Recorded data:
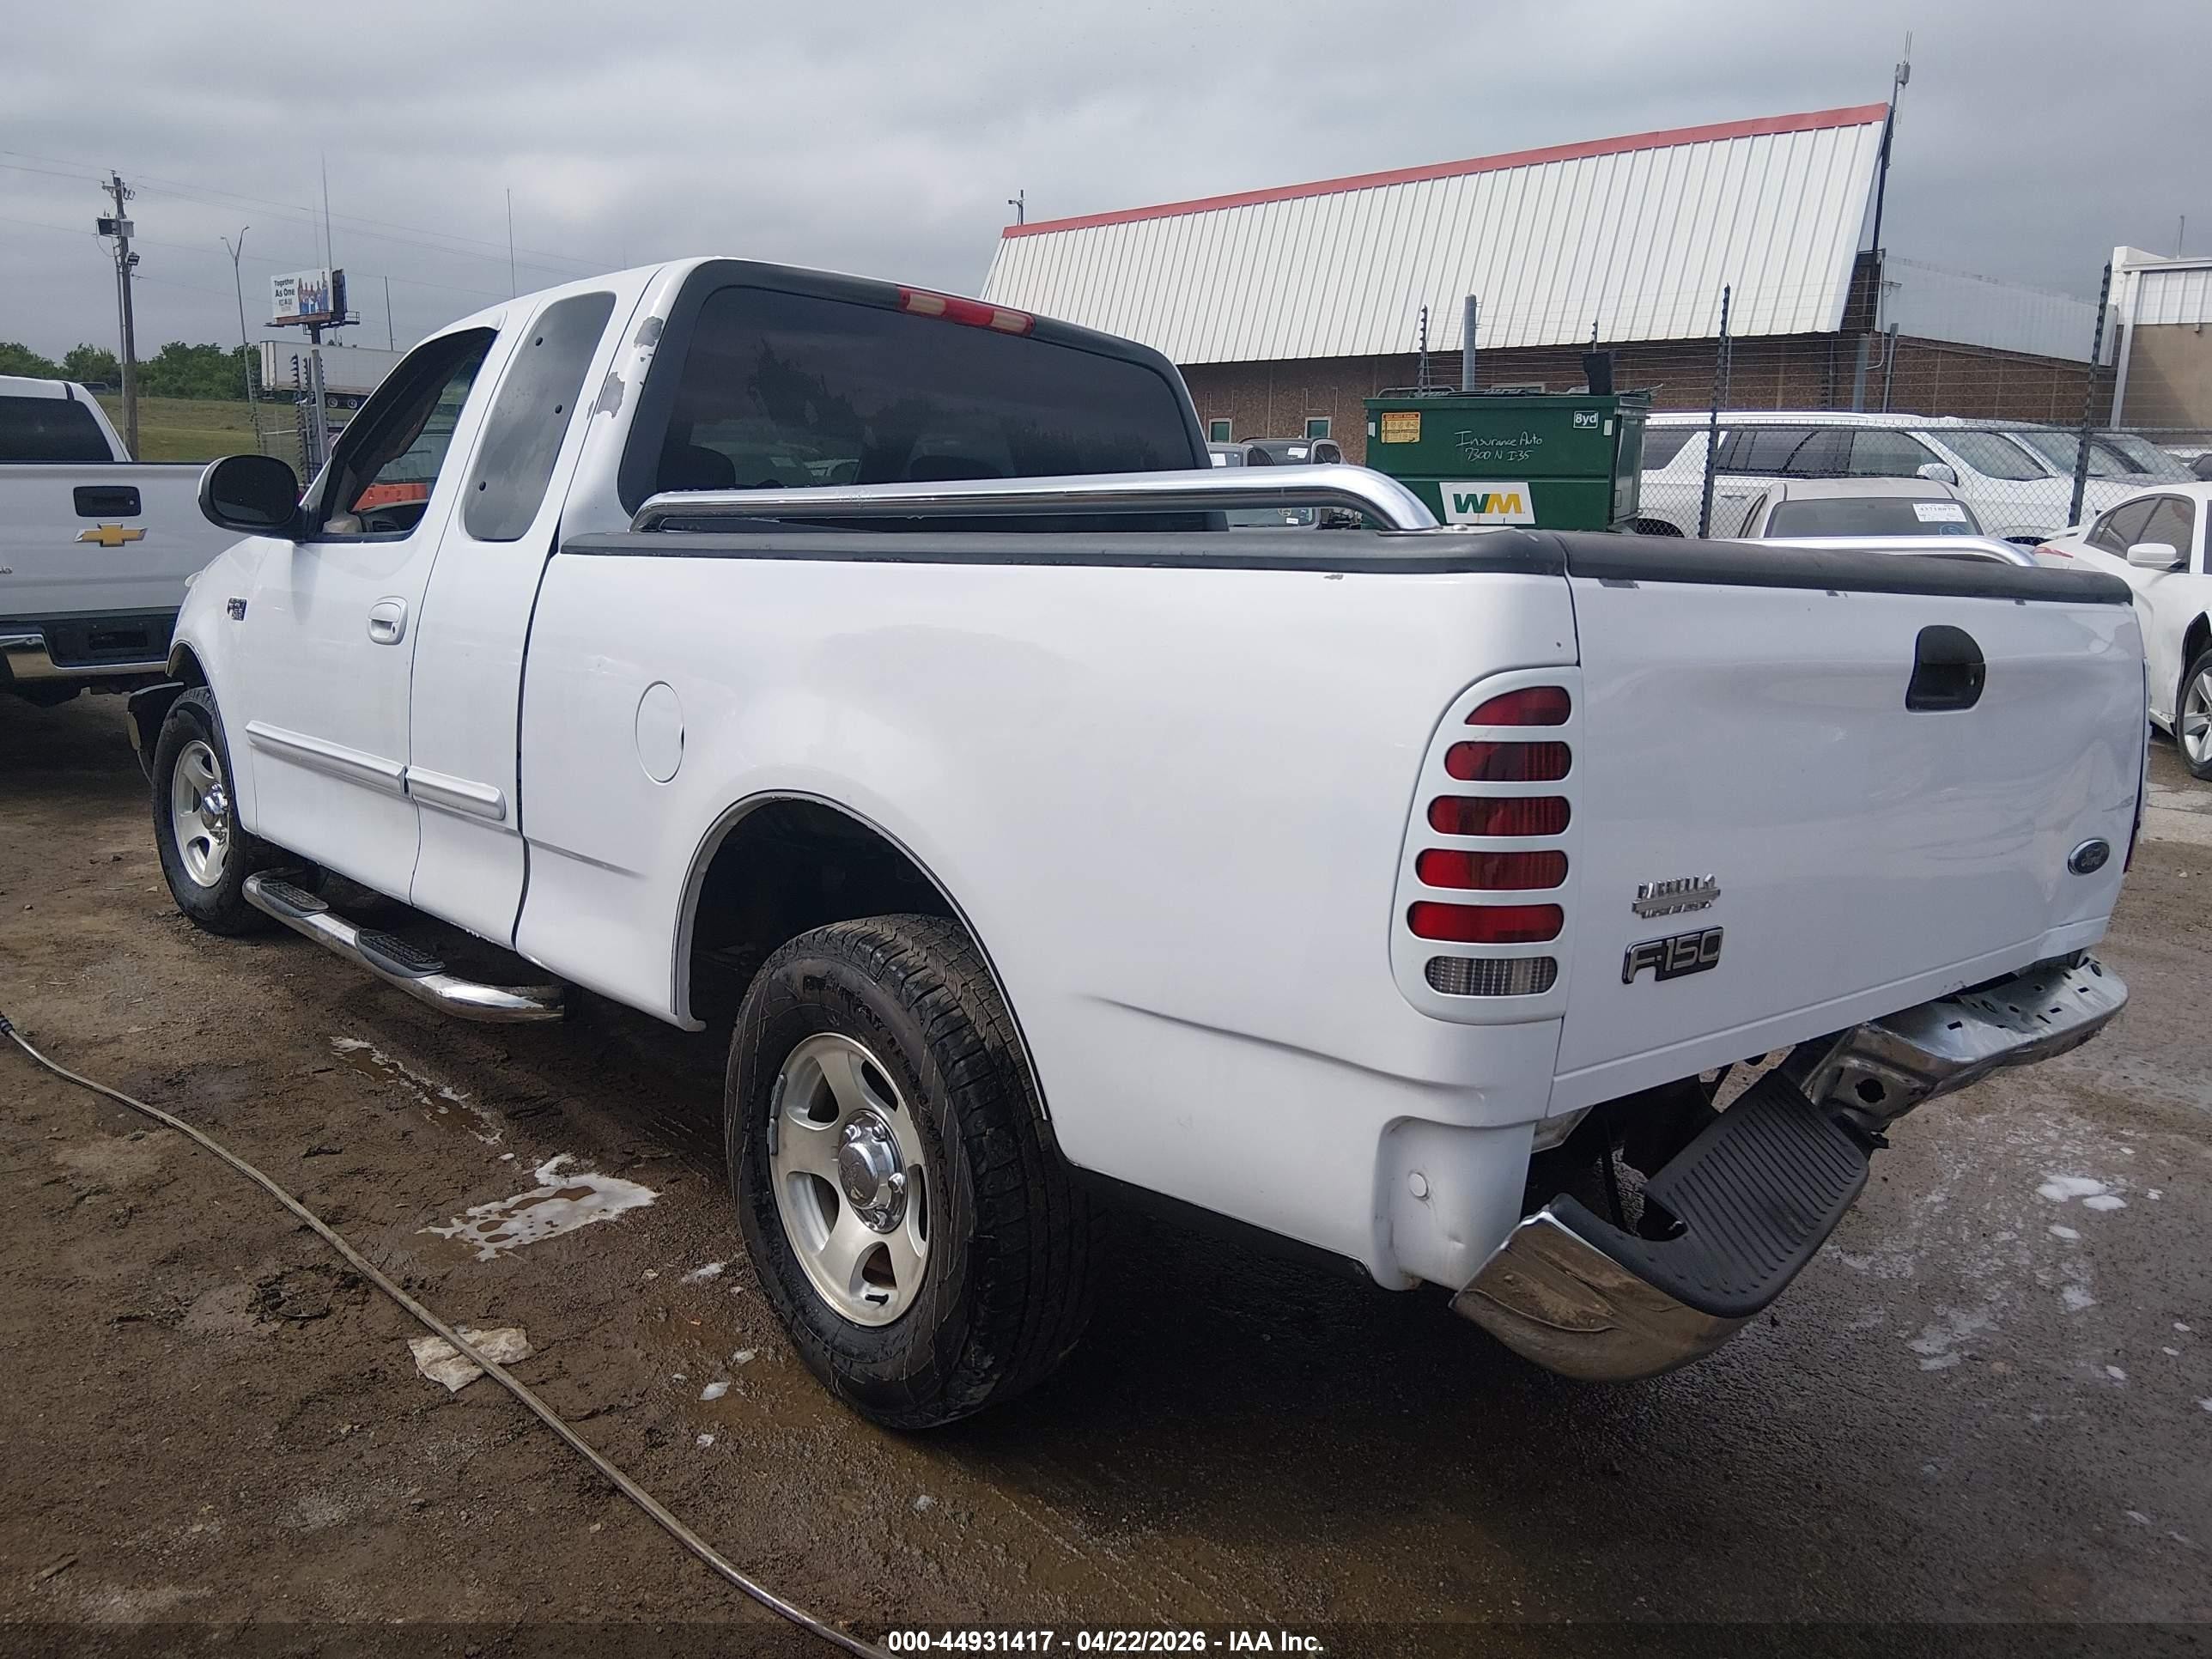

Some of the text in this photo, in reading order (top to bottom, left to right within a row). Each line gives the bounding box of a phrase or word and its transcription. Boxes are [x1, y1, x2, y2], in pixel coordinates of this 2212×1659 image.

[274, 278, 295, 288] Together
[275, 288, 295, 298] As One
[1575, 413, 1597, 426] 8yd
[1454, 430, 1543, 447] Insurance Auto
[1465, 448, 1534, 462] 7300 N I-35
[1453, 493, 1522, 514] WM
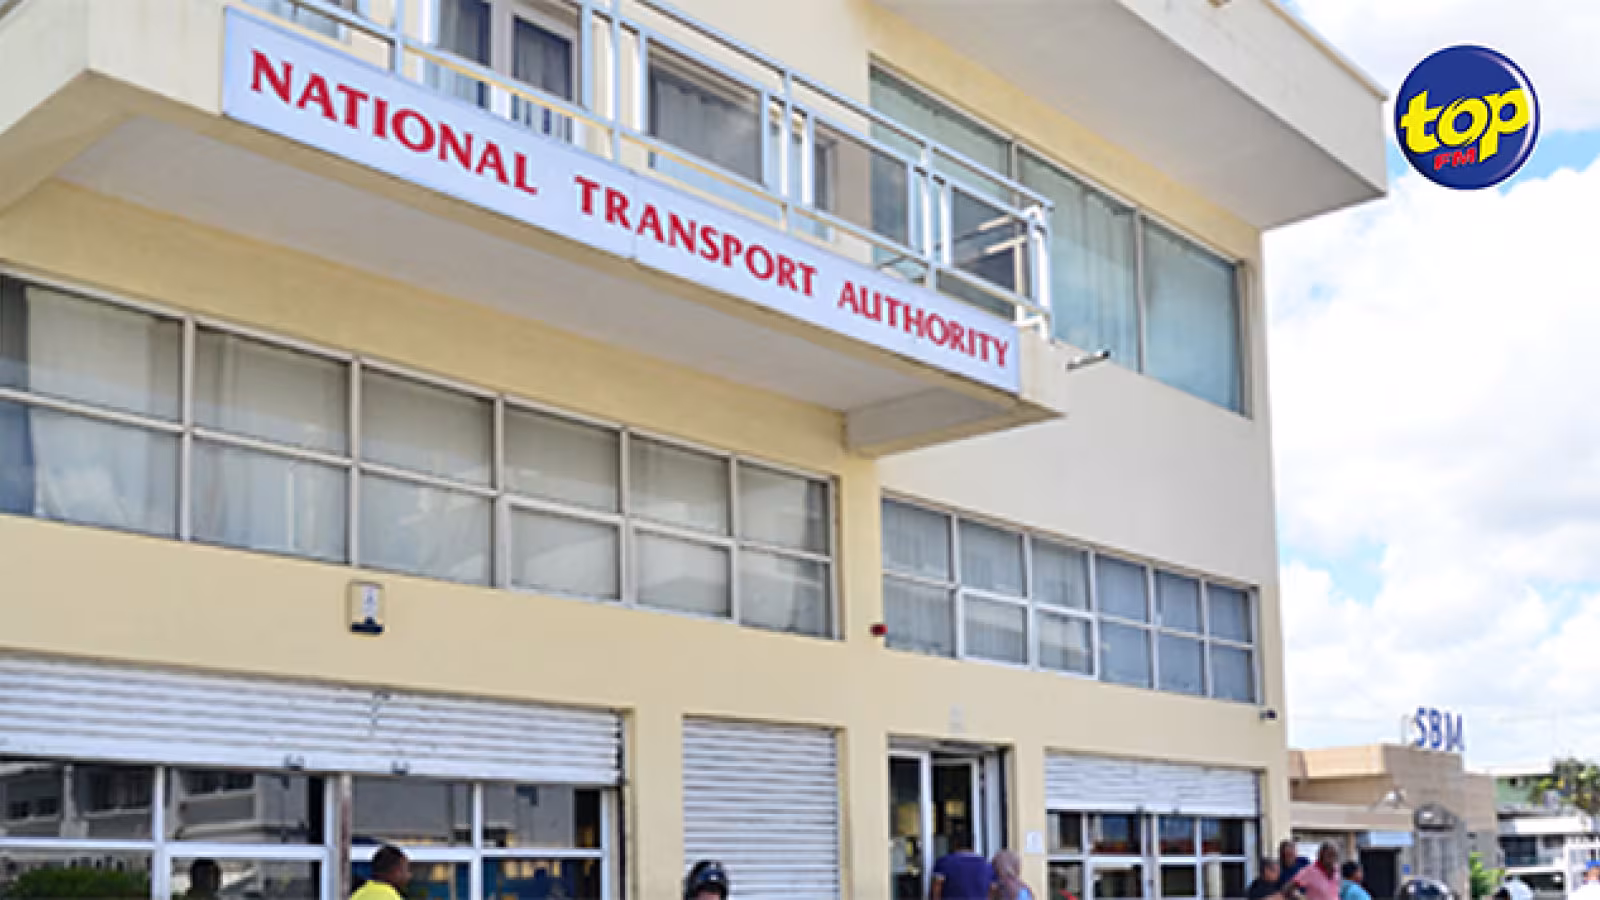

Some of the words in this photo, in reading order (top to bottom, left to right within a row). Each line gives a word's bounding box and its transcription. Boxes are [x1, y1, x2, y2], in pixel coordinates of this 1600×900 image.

[250, 48, 539, 196] NATIONAL
[574, 174, 819, 298] TRANSPORT
[837, 280, 1010, 369] AUTHORITY

## TASK BRIEF
Apart from the pictures, return the records exactly.

## SOLUTION
Some of the text in this photo, in reading order (top to bottom, left to right within a row). Each line gives the bounding box of a phrase or word and its transcription. Boxes are [x1, y1, x2, y2], in pixel coordinates of this 2212×1659 image.

[274, 278, 295, 288] Together
[275, 288, 295, 298] As One
[1575, 413, 1597, 426] 8yd
[1454, 430, 1543, 447] Insurance Auto
[1465, 448, 1534, 462] 7300 N I-35
[1453, 493, 1522, 514] WM

Some of the words in this photo, in reading order (top to bottom, left to right within a row). Each line gives a word's bounding box and its transcription. Boxes are [x1, y1, x2, y2], in pixel coordinates of this 1600×900 image.

[250, 48, 539, 196] NATIONAL
[574, 174, 819, 298] TRANSPORT
[837, 280, 1010, 369] AUTHORITY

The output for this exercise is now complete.